El Sabueso torció el gesto. En su caso, lo sabía perfectamente. Había sido más o menos la última vez en que había sentido un poco de calor. Acurrucado junto a Shari delante de un fuego, con una sonrisa más ancha que el mar. Fue justo antes de que Bethod los aherrojara a Logen, a él y a todos los demás y luego los expulsara al exilio.

Aún recordaba la última visión que tuvo de ella: un rostro demudado por el terror que contemplaba con la boca abierta cómo lo arrancaban de las sábanas, desnudo, adormilado y chillando como un gallo que sabe que están a punto de retorcerle el pescuezo. Había sido doloroso verse arrancado así de su lado. Aunque más dolorosa había sido la patada en los cojones que le había dado luego Scale. En resumidas cuentas, una noche bastante dolorosa, de la que en ningún momento pensó salir con vida. La quemazón que le había dejado la patada se pasó al cabo de un tiempo, pero el dolor de perderla a ella nunca había desaparecido del todo.

Se acordaba del olor de su cabello, del sonido de su risa, del tacto de su espalda apretada contra su vientre cuando dormían juntos. Unos recuerdos a los que había recurrido una y otra vez hasta dejarlos tan desgastados como a una camisa favorita. Lo recordaba como si fuera ayer. Tenía que quitárselo de la cabeza.

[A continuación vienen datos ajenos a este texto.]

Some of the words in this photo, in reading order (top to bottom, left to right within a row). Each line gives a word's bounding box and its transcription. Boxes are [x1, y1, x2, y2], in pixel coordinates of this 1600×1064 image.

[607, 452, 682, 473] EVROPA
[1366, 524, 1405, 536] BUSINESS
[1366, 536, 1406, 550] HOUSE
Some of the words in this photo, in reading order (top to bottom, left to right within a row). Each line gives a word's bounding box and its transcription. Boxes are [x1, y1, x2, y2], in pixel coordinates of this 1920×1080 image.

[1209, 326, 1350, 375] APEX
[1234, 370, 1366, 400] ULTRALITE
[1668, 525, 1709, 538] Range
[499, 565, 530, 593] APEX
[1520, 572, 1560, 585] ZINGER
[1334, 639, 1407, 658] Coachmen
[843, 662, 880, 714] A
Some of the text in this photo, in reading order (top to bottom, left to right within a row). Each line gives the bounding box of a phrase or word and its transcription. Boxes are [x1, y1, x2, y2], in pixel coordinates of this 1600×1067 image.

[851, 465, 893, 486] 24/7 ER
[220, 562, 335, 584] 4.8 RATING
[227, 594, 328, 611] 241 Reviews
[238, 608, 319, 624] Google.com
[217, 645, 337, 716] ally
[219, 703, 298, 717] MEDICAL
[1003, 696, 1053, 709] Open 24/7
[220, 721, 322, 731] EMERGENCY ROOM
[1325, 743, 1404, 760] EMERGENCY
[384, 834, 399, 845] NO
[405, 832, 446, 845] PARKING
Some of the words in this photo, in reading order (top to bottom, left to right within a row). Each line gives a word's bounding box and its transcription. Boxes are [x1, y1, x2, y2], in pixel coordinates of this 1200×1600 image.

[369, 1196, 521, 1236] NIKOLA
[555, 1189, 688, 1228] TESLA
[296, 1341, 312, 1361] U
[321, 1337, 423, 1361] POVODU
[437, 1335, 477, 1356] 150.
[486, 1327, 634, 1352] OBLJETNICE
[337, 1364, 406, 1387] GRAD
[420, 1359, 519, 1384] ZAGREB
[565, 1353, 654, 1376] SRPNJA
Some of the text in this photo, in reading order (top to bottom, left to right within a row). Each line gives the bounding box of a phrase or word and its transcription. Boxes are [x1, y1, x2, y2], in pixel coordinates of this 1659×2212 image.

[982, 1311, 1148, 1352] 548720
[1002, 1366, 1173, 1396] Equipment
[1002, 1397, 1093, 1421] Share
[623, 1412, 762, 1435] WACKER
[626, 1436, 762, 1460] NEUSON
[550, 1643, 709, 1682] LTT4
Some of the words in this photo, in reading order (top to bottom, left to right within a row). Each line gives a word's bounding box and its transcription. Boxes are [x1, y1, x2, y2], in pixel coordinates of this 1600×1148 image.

—No creo que mi memoria me alcance para eso.

—Ni la mía —dijo Dow—. ¿No estás ya harto de follarte la mano? —y, a continuación, miró pendiente abajo y dio un chasquido con la lengua. Tenía un brillo en los ojos que al Sabueso no le hacía ni pizca de gracia—. Qué curioso, hasta que no lo tienes delante de ti no te das cuenta de lo mucho que lo echas en falta. Es como tenderle un trozo de carne a un hambriento e írselo acercando hasta que pueda olerlo. Venga, hombre, seguro que tú estás pensando lo mismo que yo.

El Sabueso le dirigió una mirada torva.

—Me parece que tú y yo pensamos cosas muy distintas. Si no sabes aguantarte, métela en la nieve. A ver si así se te enfría un poco.

Dow sonrió.

—En algún sitio voy a tener que meterla, y más pronto que tarde, puedes estar seguro.

—¡Aaargh! —gimió alguien en la pendiente. El Sabueso hizo ademán de coger el arco mientras trataba de ver si los había localizado uno de los exploradores de Bethod. Pero no era más que el Príncipe, que se había resbalado y había caído de culo. La cara de Dow se contrajo en un gesto de desprecio mientras observaba a Ladisla dándose la vuelta.

—¿Habías visto alguna vez un tipo más inútil que ése, eh? Lo único que sabe hacer es forzarnos a marchar mucho más despacio de lo que sería aconsejable, gemir más alto que una marrana pariendo, comer doble ración que todos y cagar cinco veces al día —West le estaba ayudando a levantarse mientras trataba de limpiarle a manotazos parte de la suciedad de su abrigo. Mejor dicho, del abrigo que le había dejado West. El Sabueso seguía sin entender cómo era posible que un tipo cabal como aquél hubiera hecho semejante tontería. Sobre todo con el frío que hacía ahora que ya estaban en pleno invierno—. ¿Cómo se puede seguir a un gilipollas como ése? —se preguntó Dow sacudiendo la cabeza.